Un compromis original…

Cette Charte va apparaître comme un compromis original entre les droits et libertés antérieurement proclamés en Occident et les principes et valeurs traditionnels attachés à l’homme africain. Si, en Afrique, la modernité et la mondialisation sont présentes et quotidiennement visibles, la doctrine africaine ne cesse de rappeler que ce continent reste encore très marqué par ses traditions et son histoire. Les historiens nous rappellent régulièrement toute l’importance de la Charte de Kurukan Fuga de 1236 sur les droits de l’homme en pays mandingue. Mieux encore, la société africaine maintiendrait sa particularité – le holisme à base ethno-tribale – qui la distingue fondamentalement des sociétés occidentales, où l’individualisme reste le trait dominant.
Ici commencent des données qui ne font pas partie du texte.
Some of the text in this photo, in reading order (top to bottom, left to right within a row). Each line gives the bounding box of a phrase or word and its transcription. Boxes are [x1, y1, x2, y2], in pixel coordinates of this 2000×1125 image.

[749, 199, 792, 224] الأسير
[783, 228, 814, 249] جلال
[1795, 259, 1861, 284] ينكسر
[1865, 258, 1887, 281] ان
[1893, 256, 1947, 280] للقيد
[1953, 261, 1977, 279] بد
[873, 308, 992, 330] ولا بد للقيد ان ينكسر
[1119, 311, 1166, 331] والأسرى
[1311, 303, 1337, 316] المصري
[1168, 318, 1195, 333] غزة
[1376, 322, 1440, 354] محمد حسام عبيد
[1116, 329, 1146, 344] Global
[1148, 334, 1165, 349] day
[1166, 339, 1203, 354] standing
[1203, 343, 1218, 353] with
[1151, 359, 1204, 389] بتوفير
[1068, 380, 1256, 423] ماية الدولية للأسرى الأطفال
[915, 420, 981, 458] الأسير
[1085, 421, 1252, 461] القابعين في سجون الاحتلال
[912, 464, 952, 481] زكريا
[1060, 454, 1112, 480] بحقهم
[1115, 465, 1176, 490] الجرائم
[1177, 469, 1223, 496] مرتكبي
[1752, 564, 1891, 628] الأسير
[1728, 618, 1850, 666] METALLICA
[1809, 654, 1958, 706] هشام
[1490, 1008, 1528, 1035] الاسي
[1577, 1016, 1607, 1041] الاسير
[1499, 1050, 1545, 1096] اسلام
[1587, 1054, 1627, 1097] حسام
La modernité – et avec elle l’universalisme tant proclamé – n’a pas effacé toutes les traditions africaines dont la persistance semble plus forte qu’on ne le pensait. De ce point de vue, les rédacteurs de la Charte avaient vu juste lorsqu’ils ont évité de copier les textes déjà existants et ont cherché à conceptualiser les droits de l’homme à partir des circonstances et données propres aux sociétés africaines, contrairement aux premiers constituants africains qui avaient transposé presque en bloc les dispositions de la Constitution française de 1958. Le mérite de cette Charte est de chercher le plus possible à insérer l’homme africain dans ce bouillonnement universel traduisant l’élaboration en Europe et en Amérique du Nord de règles dont la finalité est de protéger le bien-être de l’homme – dans toute sa personnalité et sa dimension historique et culturelle, sans perdre de vue l’idée qu’un homme vaut toujours un homme quel qu’il soit, où qu’il se trouve. Par leur essence même, selon les justes propos du juge sénégalais Kéba Mbaye, « les droits de l’homme concernent tout homme et tous les hommes à la fois[2] ». Il n’y a pas des droits de l’homme pour l’Africain, mais des droits de l’homme tout court.
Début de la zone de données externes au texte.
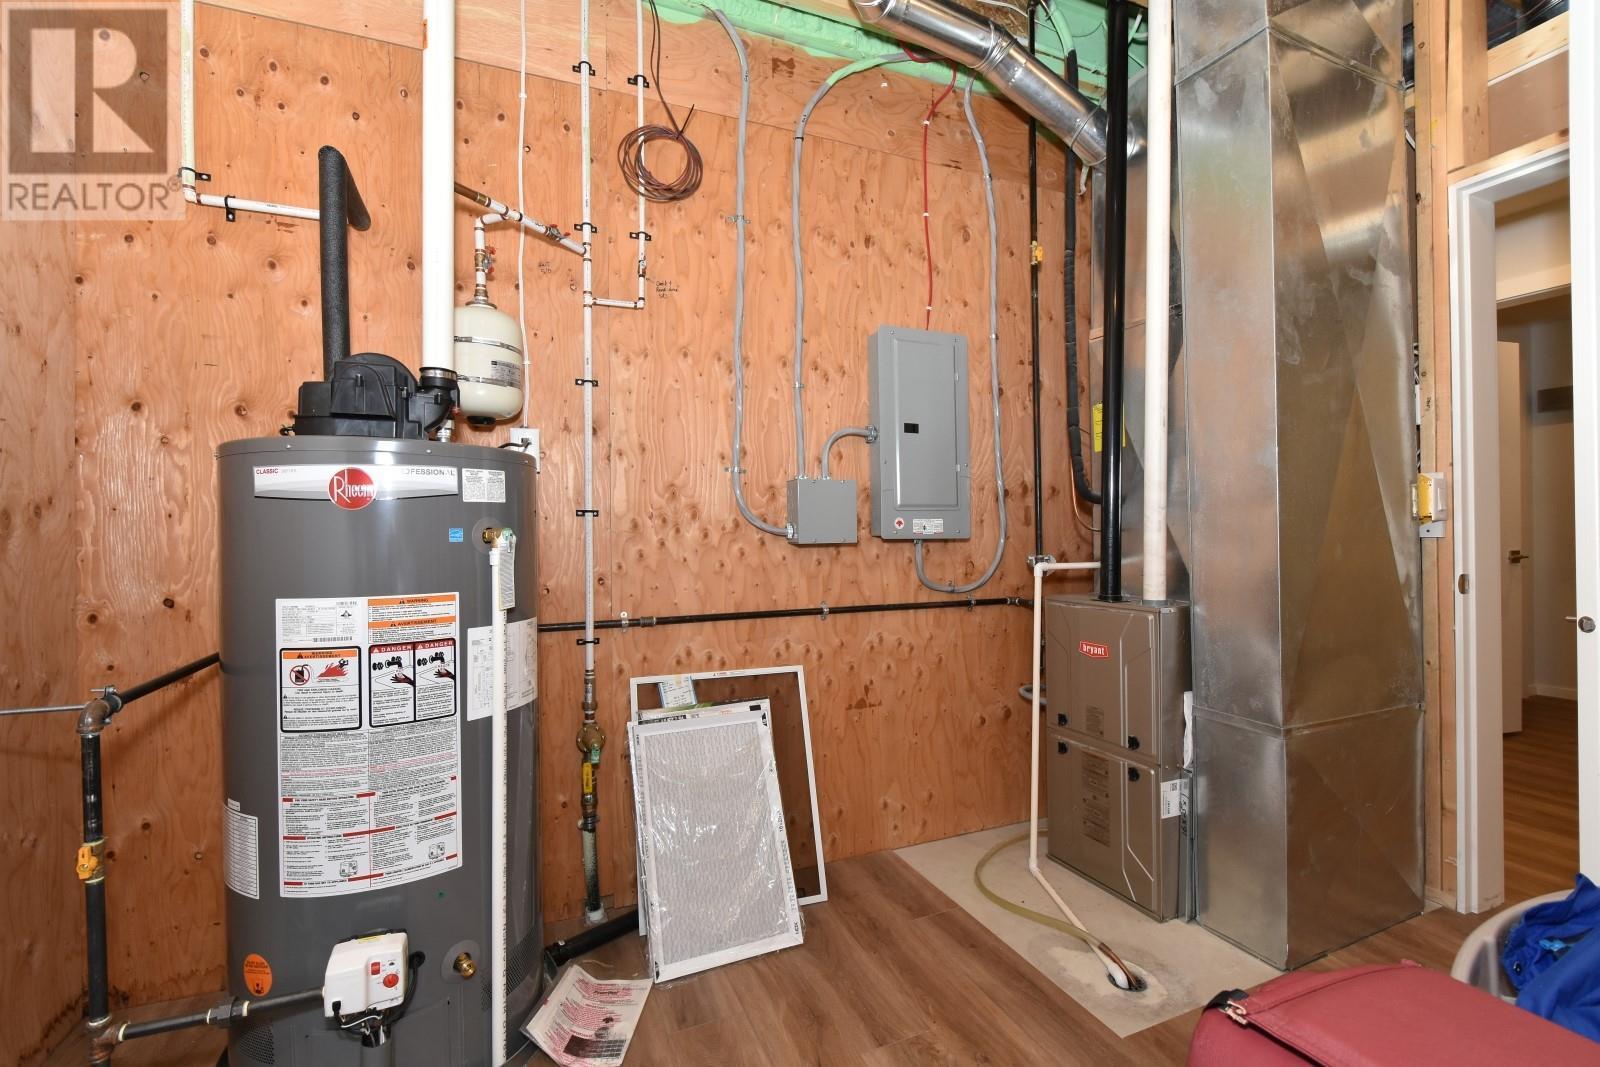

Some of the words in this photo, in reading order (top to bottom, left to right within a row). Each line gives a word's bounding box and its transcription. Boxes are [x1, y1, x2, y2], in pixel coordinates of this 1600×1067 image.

S’il faut revenir sur les déclarations des droits de l’homme, les chartes et autres textes proclamant des droits civils et politiques de l’individu, c’est pour partir d’un constat : l’homme n’y est pas différencié selon sa race, son sexe, sa religion ou encore son origine géographique. Il y est appréhendé comme un être humain à qui des droits sont reconnus et dont la violation est proscrite. Il est dès lors logique que les constitutions africaines et la Charte africaine des droits de l’homme aient repris ­l’essentiel des principes et des droits contenus dans les textes occidentaux consacrés aux droits de l’homme.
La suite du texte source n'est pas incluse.